La Torre de Cala Conta
Rodeando la costa de Ibiza se erigen siete torres que, en su época, fueron guardianas incansables de la isla.
La Torre d’en Rovira, también conocida como Torre de Compte, se alza majestuosa entre Cala Bassa y Cala Compte, en el municipio de Sant Josep.
Ubicada a unos 12 metros sobre el nivel del mar, este emplazamiento histórico ofrece un panorama privilegiado de la bahía de San Antonio, la isla de sa Conillera y los islotes de S’ Illa des Bosc y S’Espartar, todo ello rodeado de exuberantes pinares que añaden un toque de serenidad al entorno.
Historia de la Torre d'en Rovira
La historia de la Torre d’en Rovira se remonta al siglo XVIII, durante el reinado de Fernando VI.
Fue concebida por el ingeniero Juan Ballester y construida bajo la dirección del ingeniero García Martínez en el año 1763, ya bajo el mandato de Carlos III.
Su propósito era proteger la costa oeste de Sant Antoni, brindando vigilancia sobre los islotes de S’illa des Bosc, S’Espartar y Sa Conillera, donde solían ocultarse los temidos piratas musulmanes.
Aunque no se registra que la torre haya participado en acciones defensivas significativas, su importancia estratégica era indiscutible, también sirviendo como protección para el cercano puerto de San Antonio.
Hasta mediados del siglo XX, la Torre d’en Rovira estuvo en manos del pintor Evelio Torent Marsans y su esposa Consuelo Hernán, quienes convirtieron el lugar en un animado centro de entretenimiento durante los veranos, dotándolo de un ambiente hogareño y un toque artístico que perdura en la memoria de la isla.
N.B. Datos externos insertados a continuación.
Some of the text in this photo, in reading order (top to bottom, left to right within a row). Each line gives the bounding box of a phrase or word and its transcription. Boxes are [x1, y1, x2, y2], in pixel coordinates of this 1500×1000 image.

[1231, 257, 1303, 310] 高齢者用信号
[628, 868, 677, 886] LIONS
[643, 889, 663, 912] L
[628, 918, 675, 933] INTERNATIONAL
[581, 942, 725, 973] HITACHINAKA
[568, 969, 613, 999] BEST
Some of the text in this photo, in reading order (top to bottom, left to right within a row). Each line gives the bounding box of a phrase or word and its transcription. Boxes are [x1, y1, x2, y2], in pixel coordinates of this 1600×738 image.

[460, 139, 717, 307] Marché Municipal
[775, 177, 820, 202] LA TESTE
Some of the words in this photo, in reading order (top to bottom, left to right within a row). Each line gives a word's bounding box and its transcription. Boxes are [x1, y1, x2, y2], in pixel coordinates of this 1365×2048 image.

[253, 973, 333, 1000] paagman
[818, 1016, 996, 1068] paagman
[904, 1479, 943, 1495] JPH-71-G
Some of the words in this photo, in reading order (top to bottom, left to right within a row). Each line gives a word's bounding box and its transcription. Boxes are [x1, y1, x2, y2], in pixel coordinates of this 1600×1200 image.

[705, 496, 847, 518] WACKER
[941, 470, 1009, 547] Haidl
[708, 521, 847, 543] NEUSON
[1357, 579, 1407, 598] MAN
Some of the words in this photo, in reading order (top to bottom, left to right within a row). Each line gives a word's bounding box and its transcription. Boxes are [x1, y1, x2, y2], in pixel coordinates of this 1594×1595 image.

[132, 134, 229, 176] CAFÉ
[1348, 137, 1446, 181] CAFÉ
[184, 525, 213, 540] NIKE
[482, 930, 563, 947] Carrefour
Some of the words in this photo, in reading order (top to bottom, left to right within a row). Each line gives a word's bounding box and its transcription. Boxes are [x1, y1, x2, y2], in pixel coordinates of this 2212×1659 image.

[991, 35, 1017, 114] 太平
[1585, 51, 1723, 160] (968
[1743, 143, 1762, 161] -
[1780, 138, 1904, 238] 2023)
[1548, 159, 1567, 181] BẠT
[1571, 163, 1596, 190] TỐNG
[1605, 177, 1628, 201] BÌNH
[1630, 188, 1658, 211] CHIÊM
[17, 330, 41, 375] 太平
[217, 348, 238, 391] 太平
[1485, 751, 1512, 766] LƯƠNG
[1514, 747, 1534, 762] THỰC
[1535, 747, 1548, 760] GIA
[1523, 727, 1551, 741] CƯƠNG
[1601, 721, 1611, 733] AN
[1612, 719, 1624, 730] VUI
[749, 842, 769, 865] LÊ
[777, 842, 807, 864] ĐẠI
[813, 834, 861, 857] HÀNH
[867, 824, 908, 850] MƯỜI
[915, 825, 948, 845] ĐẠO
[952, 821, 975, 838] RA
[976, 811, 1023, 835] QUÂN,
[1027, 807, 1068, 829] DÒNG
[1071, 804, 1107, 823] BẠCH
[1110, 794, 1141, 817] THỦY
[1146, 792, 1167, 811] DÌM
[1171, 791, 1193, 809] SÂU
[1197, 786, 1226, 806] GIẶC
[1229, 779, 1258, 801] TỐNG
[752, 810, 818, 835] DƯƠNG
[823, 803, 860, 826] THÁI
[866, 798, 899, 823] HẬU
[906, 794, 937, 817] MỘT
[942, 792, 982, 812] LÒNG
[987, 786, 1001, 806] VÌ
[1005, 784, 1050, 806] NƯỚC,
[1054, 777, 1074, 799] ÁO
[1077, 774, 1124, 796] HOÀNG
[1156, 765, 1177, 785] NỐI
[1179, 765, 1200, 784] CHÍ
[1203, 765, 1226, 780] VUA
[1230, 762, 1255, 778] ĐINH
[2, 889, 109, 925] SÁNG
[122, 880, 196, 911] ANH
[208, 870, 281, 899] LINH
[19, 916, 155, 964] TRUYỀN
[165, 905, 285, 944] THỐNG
Arquitectura de la Torre Compte
Esta torre de vigilancia costera destaca por su imponente tamaño, siendo más grande que muchas de sus contrapartes.
Construida en su mayoría con mampostería de piedra caliza y mortero de cal, cuenta con una estructura troncocónica que se eleva a unos nueve metros de altura, dividida en dos plantas.
Su acceso original se encuentra en el piso superior, al que se llega mediante una escalera portátil que solía retirarse en caso de ataque. Desde allí, una escalera de caracol conduce al piso inferior, que albergaba almacenes y polvorines, y finalmente a la plataforma de cubierta superior.
Externamente, la torre presenta detalles ornamentales como cordones horizontales de adorno y un matacán sobre la puerta de acceso, diseñado para defenderla de posibles invasores. En su momento de mayor actividad, la torre llegó a albergar artillería y hasta ocho soldados para su defensa.
En el siglo pasado, la torre fue adaptada para su uso como vivienda, aunque se mantuvo en gran medida su aspecto original, lo que la convierte en un testimonio vivo de la historia de Ibiza y un símbolo de su patrimonio arquitectónico.
Cómo llegar a la Torre Rovira
Para llegar a la Torre d’en Rovira en vehículo privado, se puede tomar la carretera de San Antonio a San José y desviarse hacia Cala Tarida. Antes de llegar a la playa de Comte, hay un desvío de tierra que conduce hasta las proximidades de la torre. Alternativamente, desde Cala Compte se puede bordear la cala caminando hasta llegar a la torre por un camino entre pinos y rocas, ofreciendo una experiencia escénica que vale la pena mientras se admira el paisaje.